WHAT TO WORK ON ▸ Below are records that contain pictures; transcribe the text exactly and omit the pictures.

=====

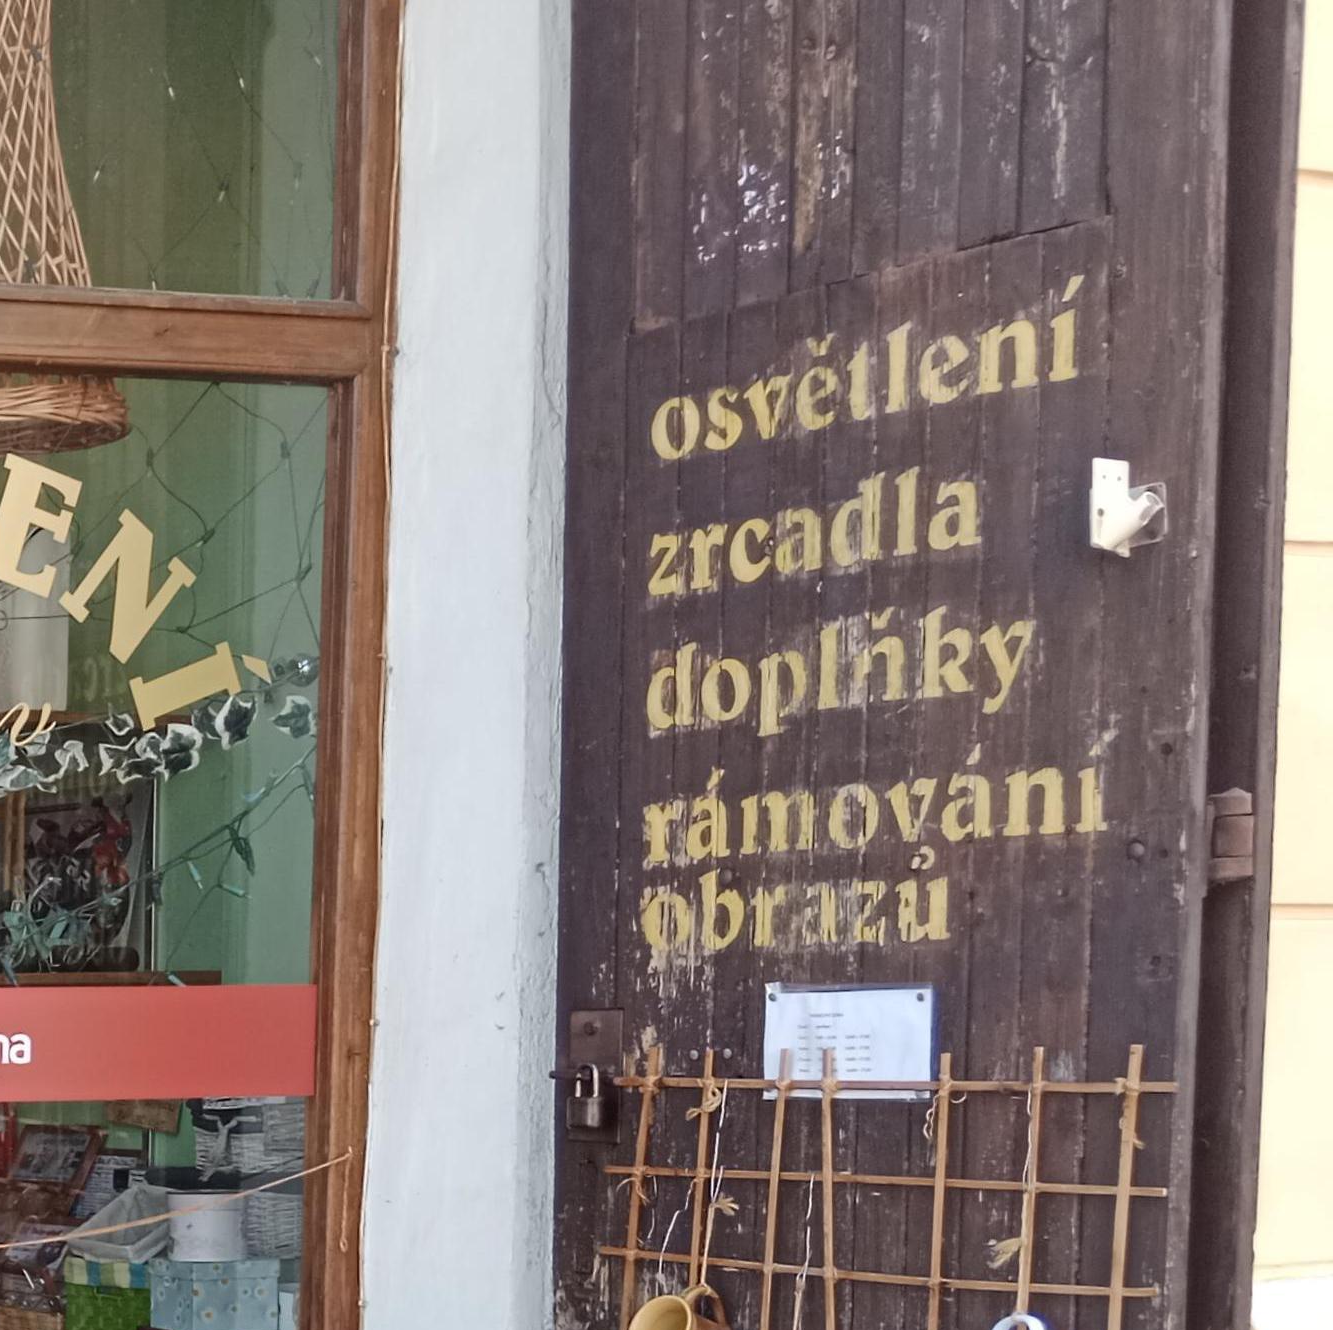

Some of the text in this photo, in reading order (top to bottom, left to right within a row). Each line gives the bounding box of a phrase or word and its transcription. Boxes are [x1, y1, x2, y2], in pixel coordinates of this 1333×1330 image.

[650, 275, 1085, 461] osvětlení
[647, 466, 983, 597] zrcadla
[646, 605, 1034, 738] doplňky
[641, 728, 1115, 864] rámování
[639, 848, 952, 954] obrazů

=====

PROBLEM SOLUTION ▸
Some of the text in this photo, in reading order (top to bottom, left to right within a row). Each line gives the bounding box of a phrase or word and its transcription. Boxes are [x1, y1, x2, y2], in pixel coordinates of this 1333×1330 image.

[650, 275, 1085, 461] osvětlení
[647, 466, 983, 597] zrcadla
[646, 605, 1034, 738] doplňky
[641, 728, 1115, 864] rámování
[639, 848, 952, 954] obrazů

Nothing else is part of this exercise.